**TASK DETAILS:** Repeat the data exactly. Pictures stay out.

──────── GIVEN RECORDS ────────

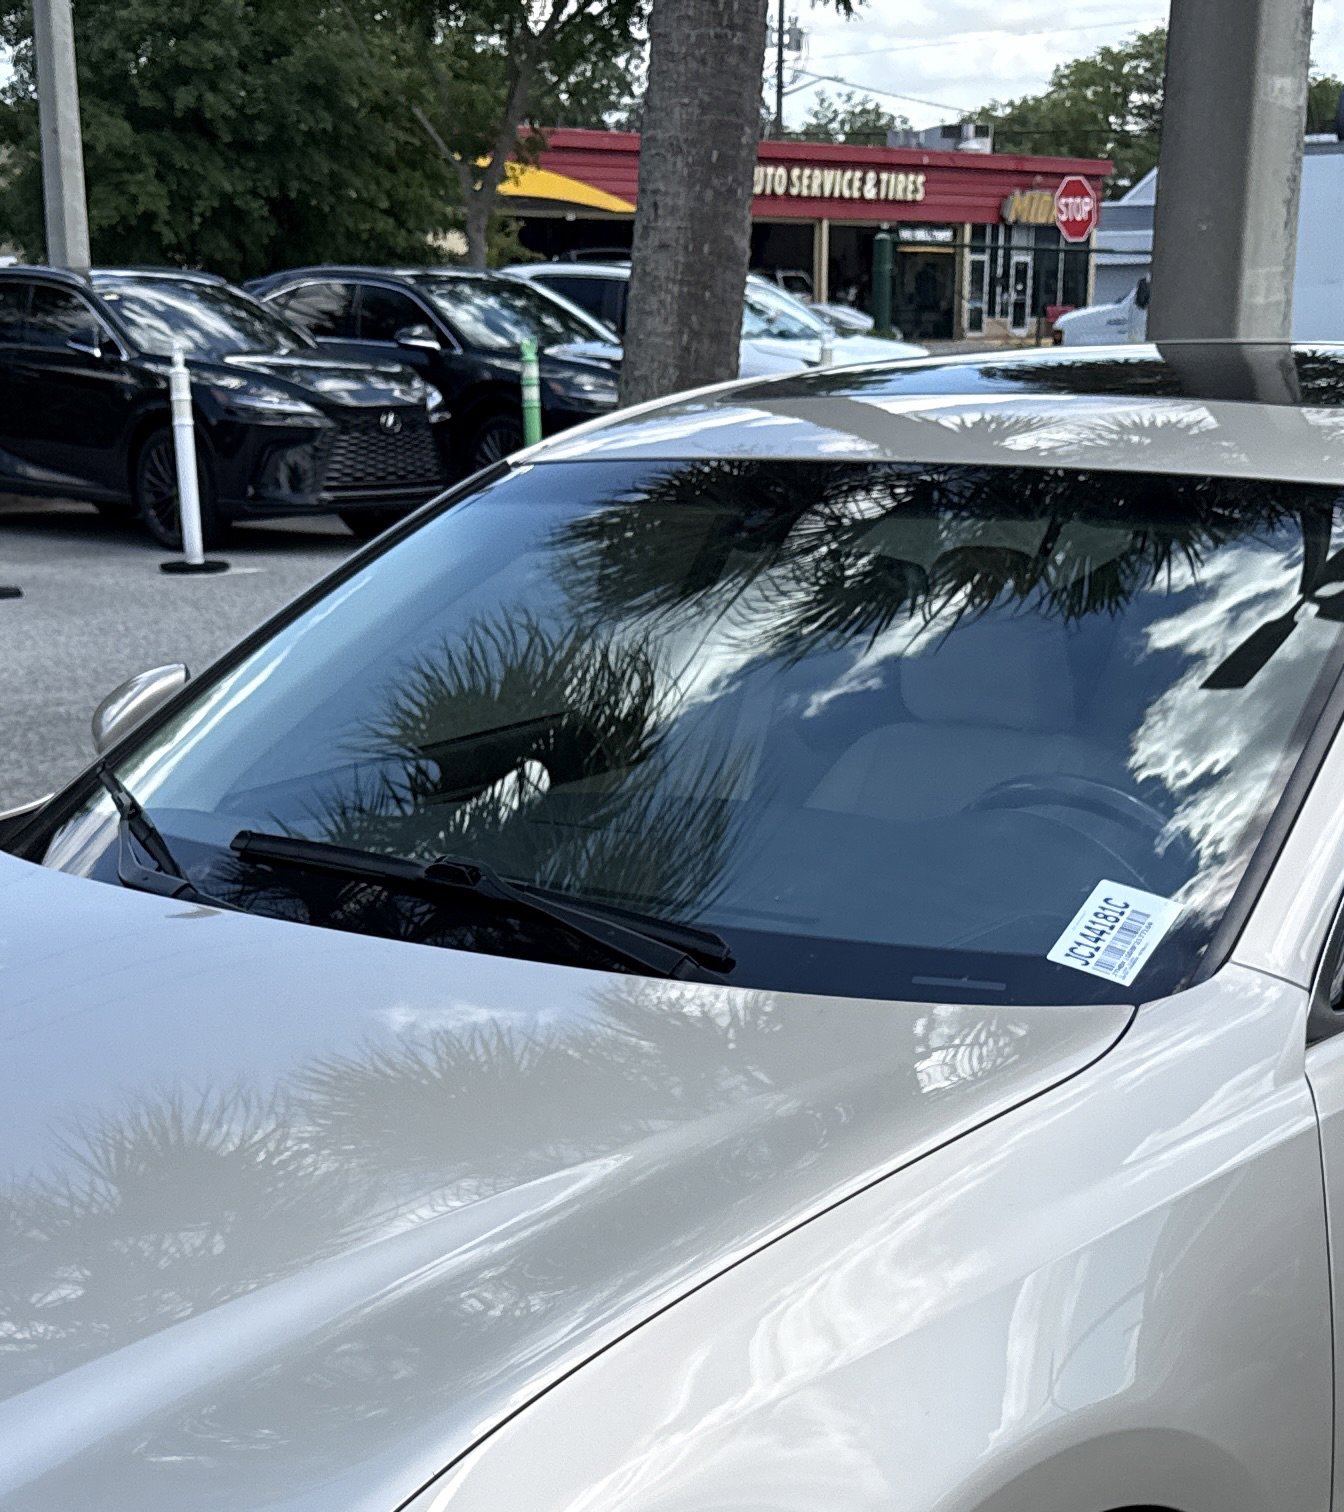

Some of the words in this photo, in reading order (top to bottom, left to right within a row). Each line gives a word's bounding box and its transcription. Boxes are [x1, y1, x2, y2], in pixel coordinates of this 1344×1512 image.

[753, 165, 788, 196] UTO
[788, 167, 863, 198] SERVICE
[863, 170, 878, 200] &
[878, 171, 927, 201] TIRES
[1058, 196, 1094, 222] STOP
[1063, 897, 1130, 967] JC144181C
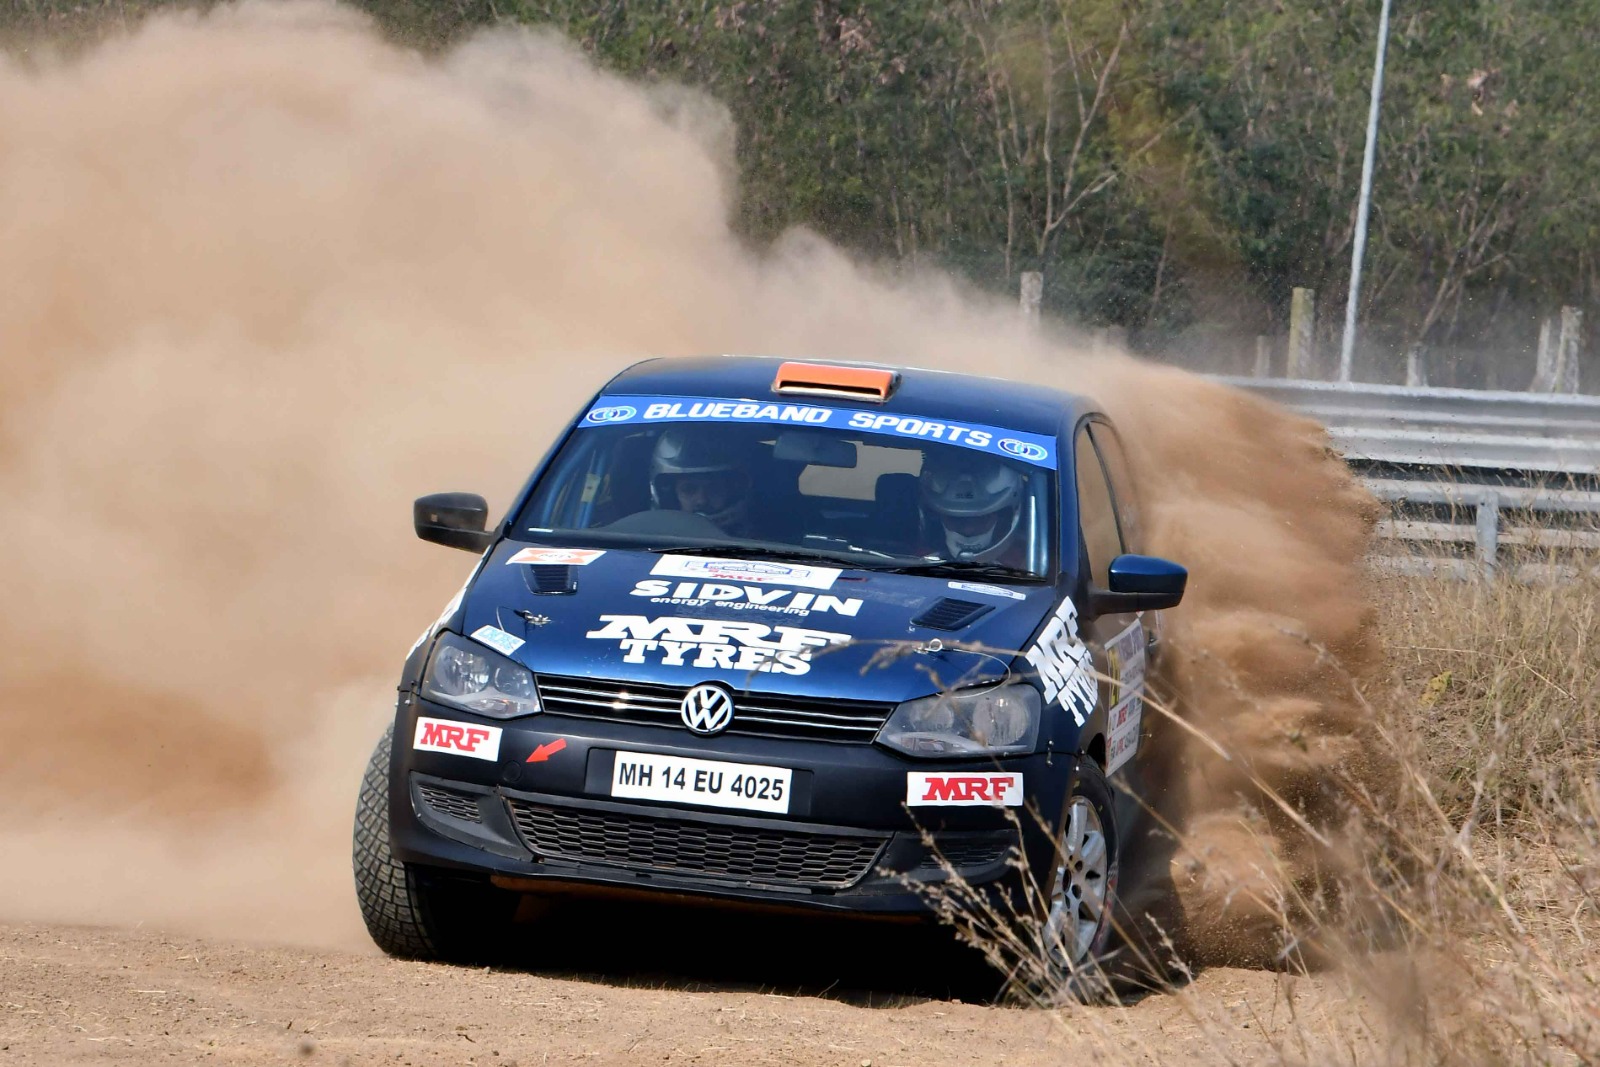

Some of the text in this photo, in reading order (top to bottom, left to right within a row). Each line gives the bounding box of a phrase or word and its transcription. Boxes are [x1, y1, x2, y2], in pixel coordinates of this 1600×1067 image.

────────

**EXPECTED OUTPUT:**
Some of the words in this photo, in reading order (top to bottom, left to right within a row). Each line gives a word's bounding box and its transcription. Boxes are [x1, y1, x2, y2], in pixel coordinates of this 1344×1512 image.

[753, 165, 788, 196] UTO
[788, 167, 863, 198] SERVICE
[863, 170, 878, 200] &
[878, 171, 927, 201] TIRES
[1058, 196, 1094, 222] STOP
[1063, 897, 1130, 967] JC144181C

Some of the text in this photo, in reading order (top to bottom, left to right within a row). Each line gives the bounding box of a phrase or word and its transcription. Boxes are [x1, y1, x2, y2], in pixel coordinates of this 1600×1067 image.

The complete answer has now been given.